Supplied information:
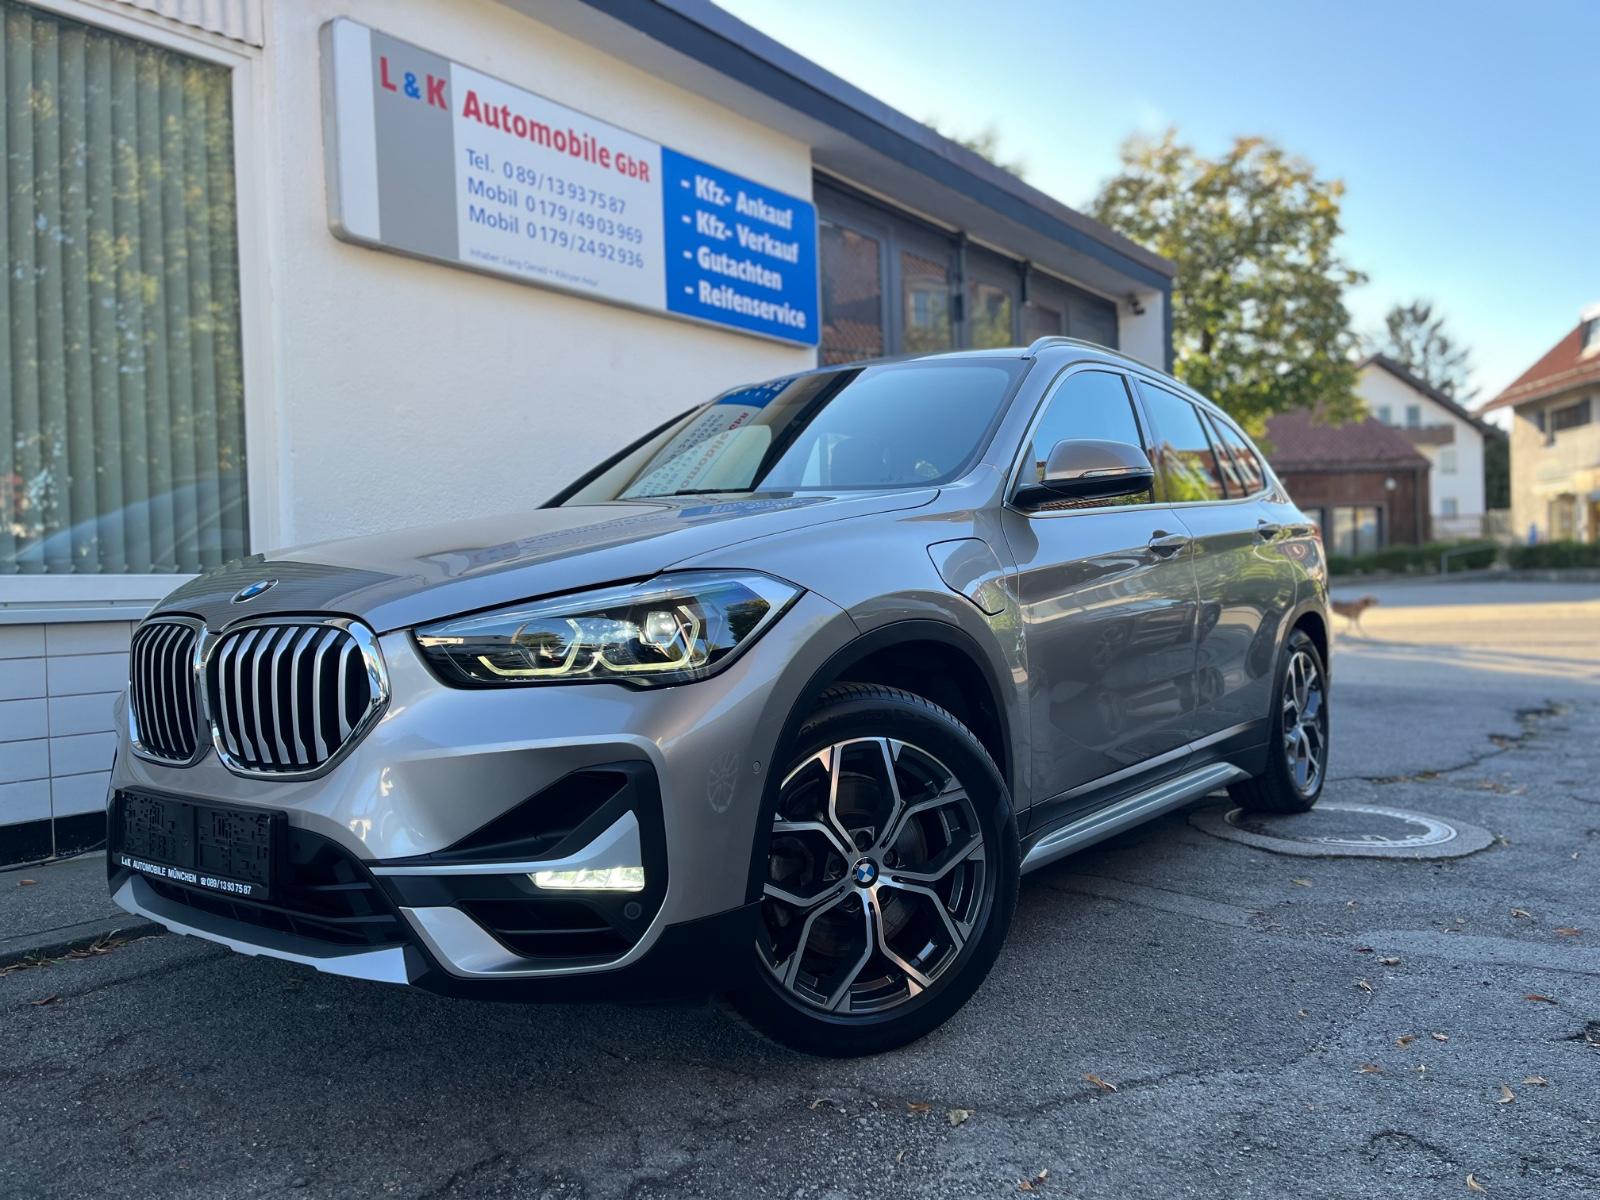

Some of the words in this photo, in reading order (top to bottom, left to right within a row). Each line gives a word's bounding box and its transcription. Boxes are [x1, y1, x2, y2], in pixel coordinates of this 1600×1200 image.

[380, 56, 397, 92] L
[404, 72, 421, 99] &
[427, 74, 448, 111] K
[462, 90, 611, 169] Automobile
[615, 152, 650, 183] GbR
[466, 148, 495, 174] Tel.
[467, 177, 518, 207] Mobil
[735, 191, 793, 230] Ankauf
[469, 205, 519, 234] Mobil
[735, 223, 799, 264] Verkauf
[697, 245, 782, 291] Gutachten
[698, 279, 806, 329] Reifenservice
[133, 860, 166, 876] AUTOMOBILE
[167, 868, 197, 883] MÜNCHEN

Exercise objective: In the copy, include every line of the records exactly and none of the images.

Response to this exercise:
Some of the words in this photo, in reading order (top to bottom, left to right within a row). Each line gives a word's bounding box and its transcription. Boxes are [x1, y1, x2, y2], in pixel coordinates of this 1600×1200 image.

[380, 56, 397, 92] L
[404, 72, 421, 99] &
[427, 74, 448, 111] K
[462, 90, 611, 169] Automobile
[615, 152, 650, 183] GbR
[466, 148, 495, 174] Tel.
[467, 177, 518, 207] Mobil
[735, 191, 793, 230] Ankauf
[469, 205, 519, 234] Mobil
[735, 223, 799, 264] Verkauf
[697, 245, 782, 291] Gutachten
[698, 279, 806, 329] Reifenservice
[133, 860, 166, 876] AUTOMOBILE
[167, 868, 197, 883] MÜNCHEN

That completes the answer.